Kaplan-Meier is a statistical method used in the analysis of time to event data. Time to event means the time from entry into a study until a particular event, for example onset of illness. This method is very useful in survival analysis as it is used by the researchers to determine and/or analyze the patients or participants who lost to follow up or dropped out of the study, those who developed the disease of interest or survived it. It is also used to compare two groups of subjects such as a control group, the one that is given placebo and the other treatment group that is the one given the genuine drug.
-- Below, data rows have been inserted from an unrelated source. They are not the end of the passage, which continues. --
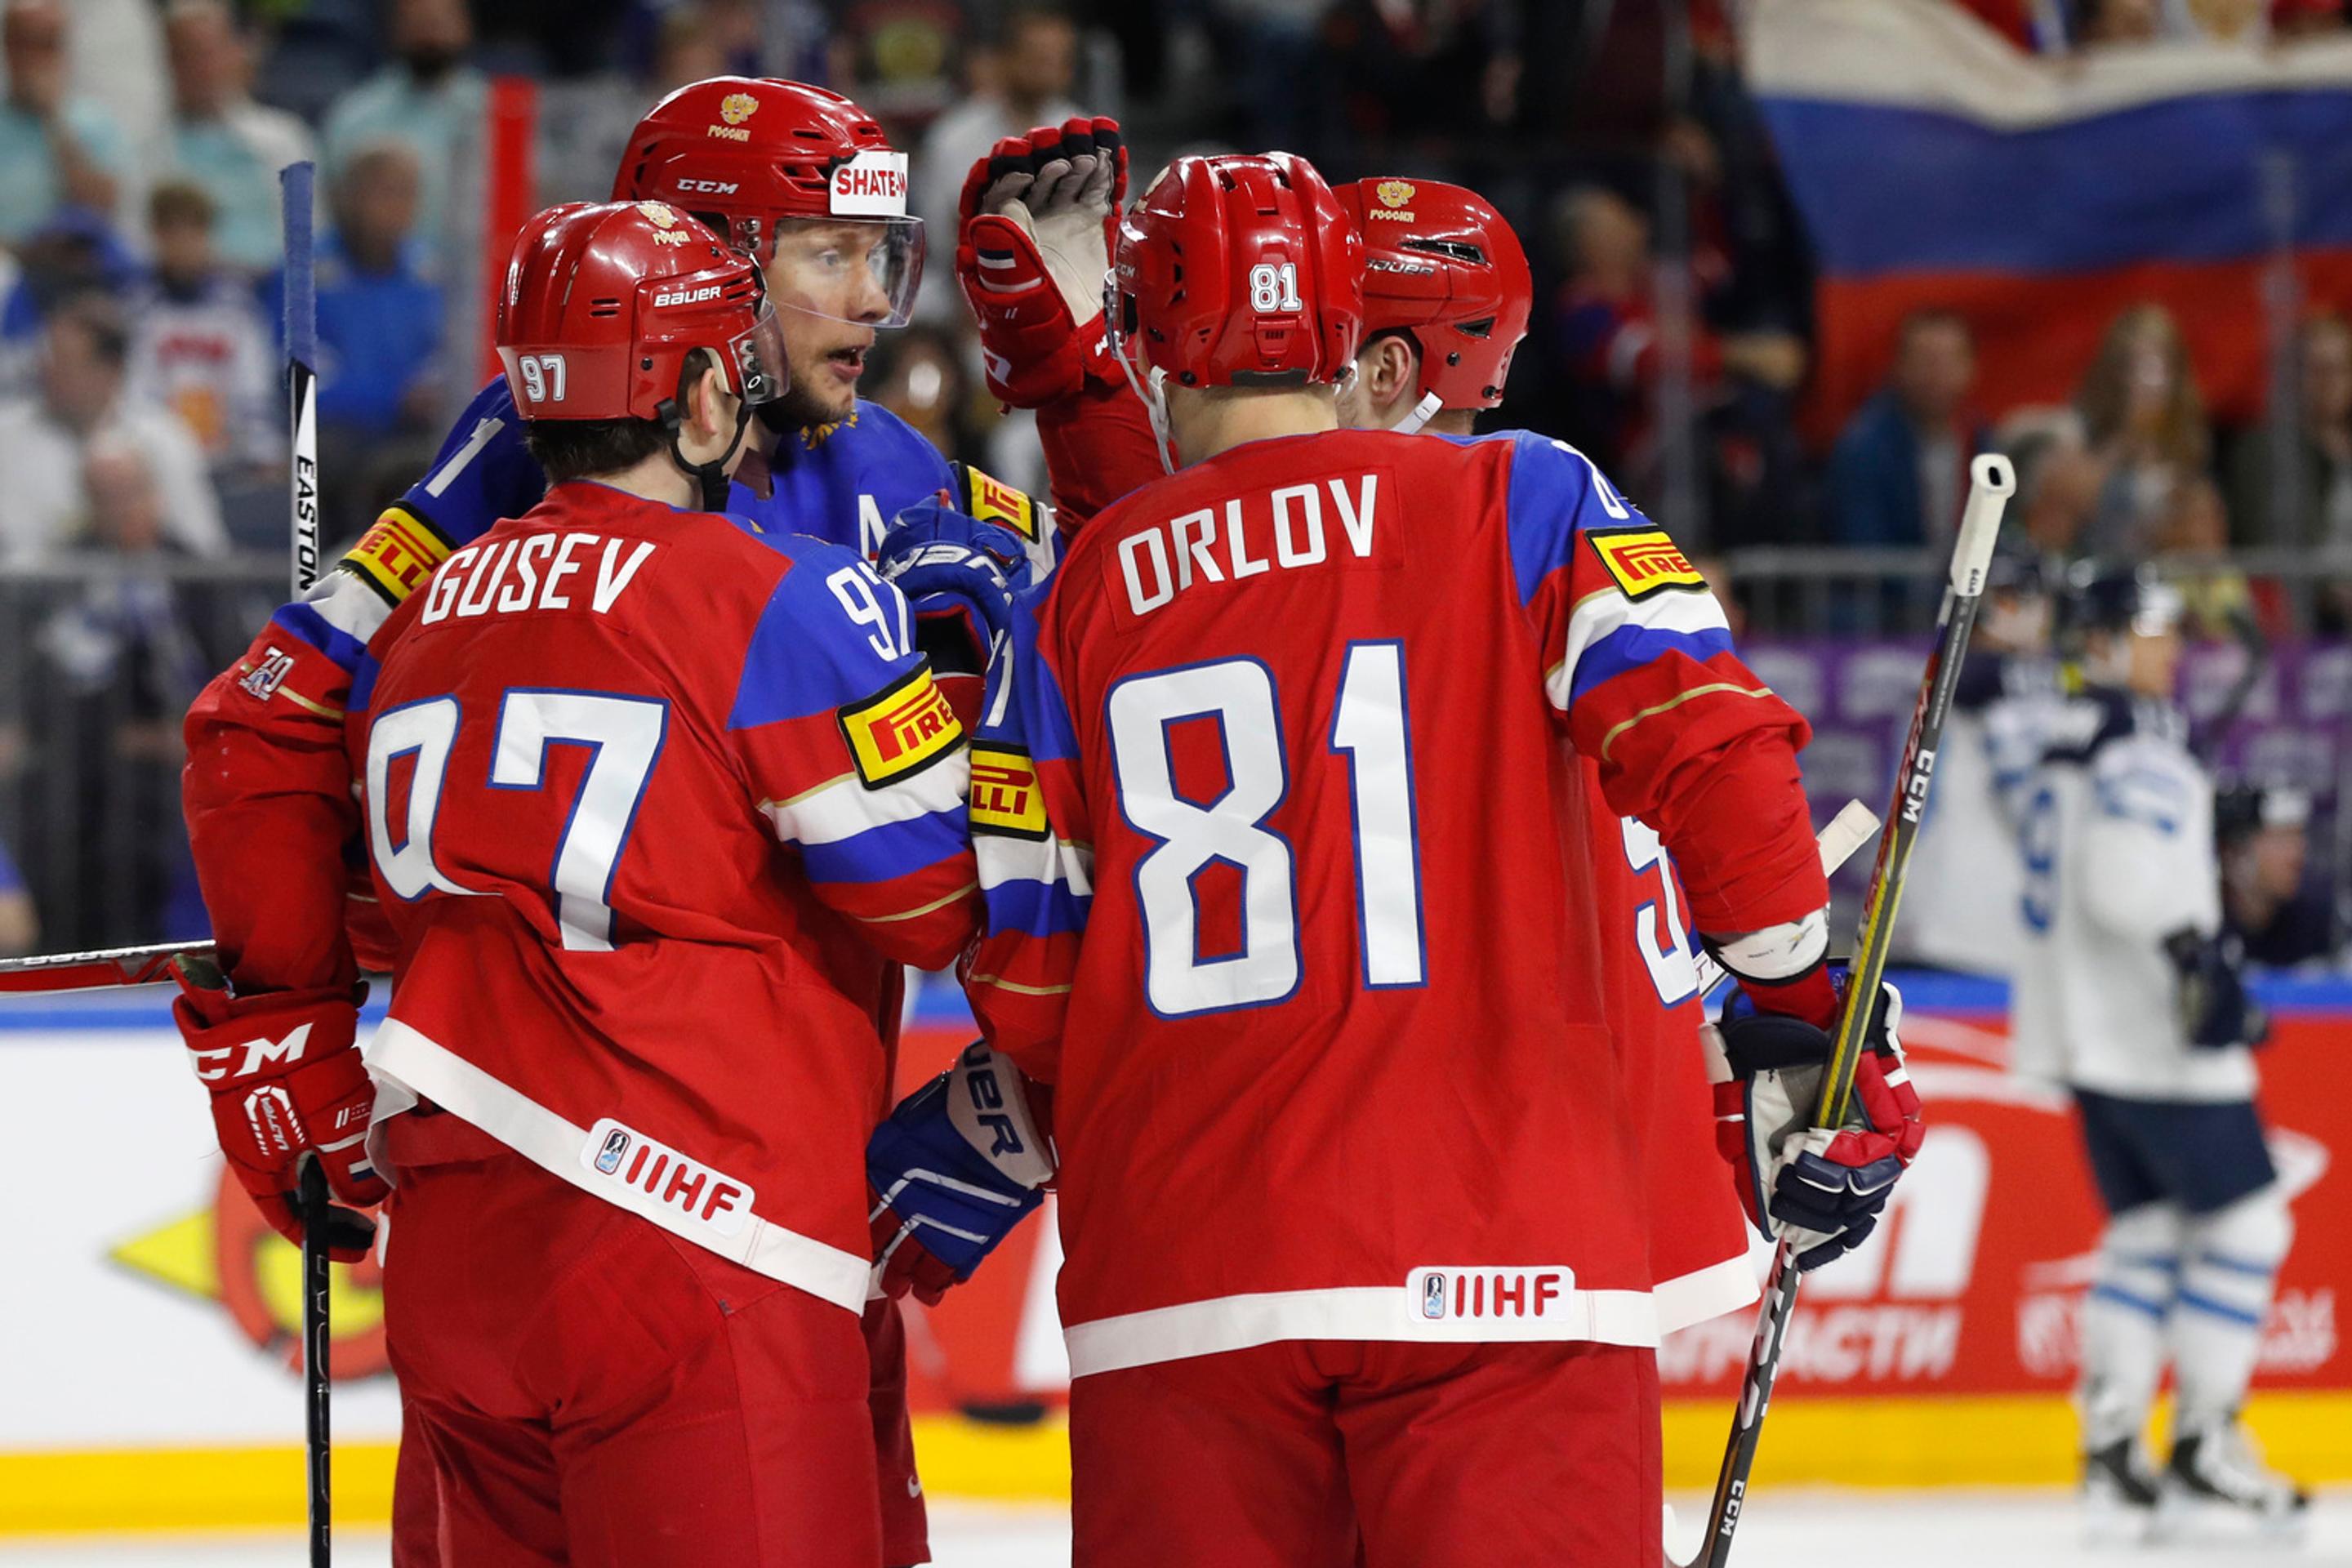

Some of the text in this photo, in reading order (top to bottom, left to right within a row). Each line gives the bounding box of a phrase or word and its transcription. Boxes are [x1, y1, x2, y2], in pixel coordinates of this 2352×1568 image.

[677, 179, 739, 194] CCM
[654, 286, 721, 307] BAUER
[1250, 263, 1303, 313] 81
[519, 354, 567, 403] 97
[296, 455, 318, 591] EASTON
[1118, 474, 1378, 616] ORLOV
[421, 532, 656, 625] GUSEV
[826, 562, 911, 662] 97
[367, 687, 670, 952] 97
[1903, 749, 1936, 823] CCM
[1105, 639, 1428, 1021] 81
[626, 1144, 741, 1221] IIHF
[1455, 1274, 1561, 1316] IIHF
[1721, 1479, 1746, 1537] CCM
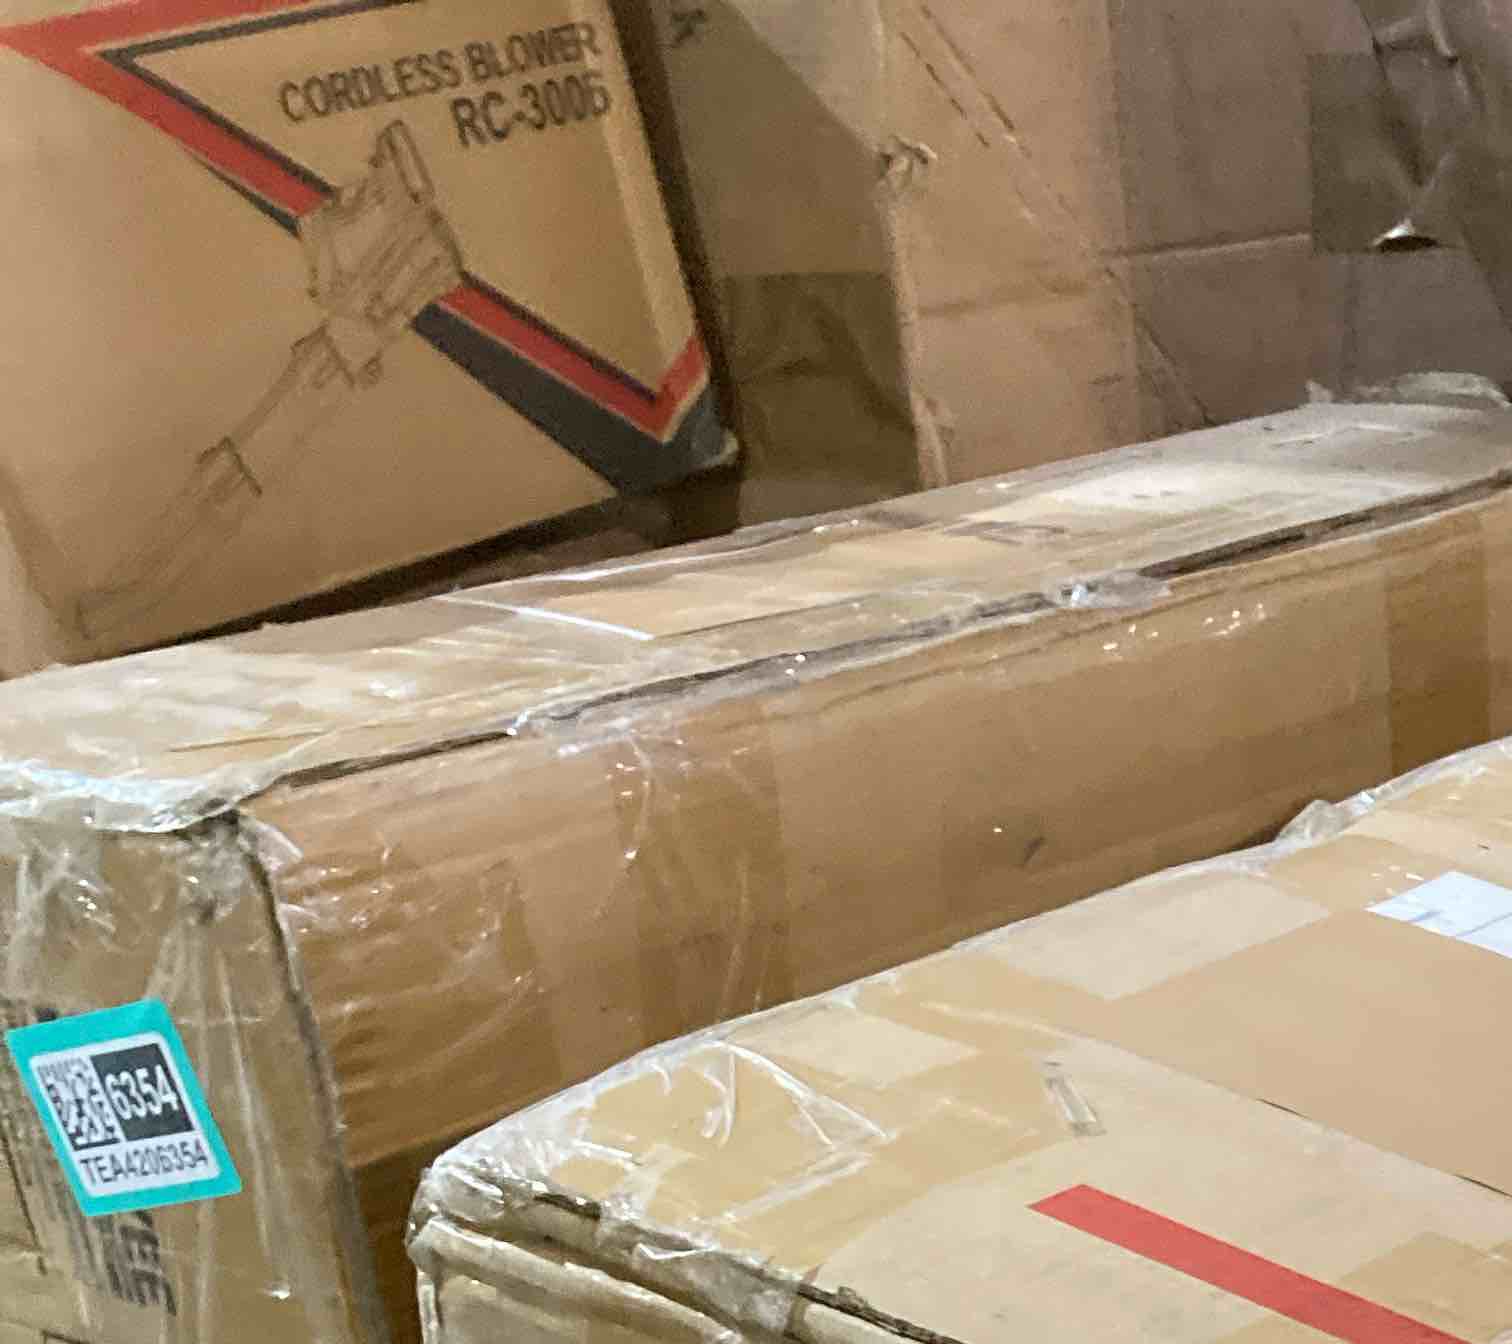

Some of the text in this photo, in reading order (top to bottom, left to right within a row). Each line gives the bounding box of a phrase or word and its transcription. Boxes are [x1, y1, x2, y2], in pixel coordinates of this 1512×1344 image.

[279, 22, 600, 122] CORDLESS BLOWER
[105, 1063, 181, 1120] 6354
[79, 1142, 208, 1187] TEA4206354
The method is not only applicable to the fields of public health, medicine and epidemiology, but it is also useful in other disciplines such as engineering, economics, among others. Most of the studies that use Kaplan Meier estimate are longitudinal in nature like a cohort study. Examples of studies that Kaplan-Meier estimate can be applicable include death times of kidney transplant patients, times to infection for burn patients and times to death for a breast-cancer trial. A fictive data was created concerning the treatment and control groups who were given Drug A and placebo respectively. The participants in each these two groups are ten and they were followed for 2 years (24 months). A survival table and Kaplan-Meier estimate curve were generated from the SPSS software using the fictive data and these were used to analyze the 24 month study.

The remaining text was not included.